Lower-Mouse-Click way to sync KFP step input and output from one step, to another python interpreter (For QA, debugging & inspecting)

Example of Object Oriented Metric Capture

Instead of...

  num_cnt = len(some_list)
  ...
  accuracy = accuracy_score(df['target'], df['predicted'])
  ...
  metrics = {
    'metrics': [{
      'name': 'accuracy-score', # The name of the metric. Visualized as the column name in the runs table.
      'numberValue':  accuracy, # The value of the metric.
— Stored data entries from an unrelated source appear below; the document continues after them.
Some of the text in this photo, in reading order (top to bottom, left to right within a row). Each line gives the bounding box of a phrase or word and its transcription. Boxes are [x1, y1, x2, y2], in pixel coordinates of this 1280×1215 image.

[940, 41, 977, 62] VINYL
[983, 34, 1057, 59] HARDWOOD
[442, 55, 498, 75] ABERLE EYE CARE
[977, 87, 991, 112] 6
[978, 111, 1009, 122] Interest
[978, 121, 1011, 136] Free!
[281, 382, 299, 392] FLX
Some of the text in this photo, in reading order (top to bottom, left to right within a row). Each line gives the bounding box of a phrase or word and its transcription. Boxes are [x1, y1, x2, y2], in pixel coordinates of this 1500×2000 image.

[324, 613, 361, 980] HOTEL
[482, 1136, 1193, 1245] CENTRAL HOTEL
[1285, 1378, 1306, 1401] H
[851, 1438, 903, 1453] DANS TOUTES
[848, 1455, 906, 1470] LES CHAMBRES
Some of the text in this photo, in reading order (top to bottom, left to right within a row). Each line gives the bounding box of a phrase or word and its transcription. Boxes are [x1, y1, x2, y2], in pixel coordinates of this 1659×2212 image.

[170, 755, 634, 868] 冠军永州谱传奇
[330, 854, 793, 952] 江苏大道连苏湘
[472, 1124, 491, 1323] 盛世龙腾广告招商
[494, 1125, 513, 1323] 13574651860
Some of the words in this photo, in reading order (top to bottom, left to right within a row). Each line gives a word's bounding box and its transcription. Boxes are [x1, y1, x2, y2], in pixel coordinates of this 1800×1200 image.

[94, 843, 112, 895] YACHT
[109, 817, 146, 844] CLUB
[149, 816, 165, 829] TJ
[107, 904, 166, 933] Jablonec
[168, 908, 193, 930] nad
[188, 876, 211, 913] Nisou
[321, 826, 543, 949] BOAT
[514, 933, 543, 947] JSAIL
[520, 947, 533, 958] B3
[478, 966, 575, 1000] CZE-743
Must be a numeric value.
      'format': "PERCENTAGE",   # The optional format of the metric. Supported values are "RAW" (displayed in raw format) and "PERCENTAGE" (displayed in percentage format).
    },{
      'name': 'number-of-things',
      'numberValue':  num_cnt,
      'format': "RAW",
    }]
  }
  with file_io.FileIO('/mlpipeline-metrics.json', 'w') as f:
    json.dump(metrics, f)

You could write...

from kubeflow_sugar import PipelineMetricCollector, PERCENT

collector = PipelineMetricCollector('mlpipeline-metrics.json')

collector.collect(number_of_things=len(some_list))

accuracy = accuracy_score(df['target'], df['predicted'])
collector.collect(accuracy_score=accuracy, type=PERCENT)

then bonus points for...

metrics = pd.Series(...)
collector.collect(metrics)

# or

metrics = dict(metric_one=x, metric_two=y)
collector.collect(metrics)

Example of Pipeline-Run-Check

from kubeflow_sugar import is_pipeline_run


if is_pipeline_run():
  file_save_location = '/mnt'
else:
  file_save_location = '~/data'

Why not send PRs to the KFP SDK?

This library is intended to function without needing kfp installed - for the most part. In other places, consider it a (non graphical) UI to pipeline related information. You shouldn't need kfp (and it's dependencies) in any business-logic/modelling code. But, this library can be imported anywhere without bringing all the kfp dependencies.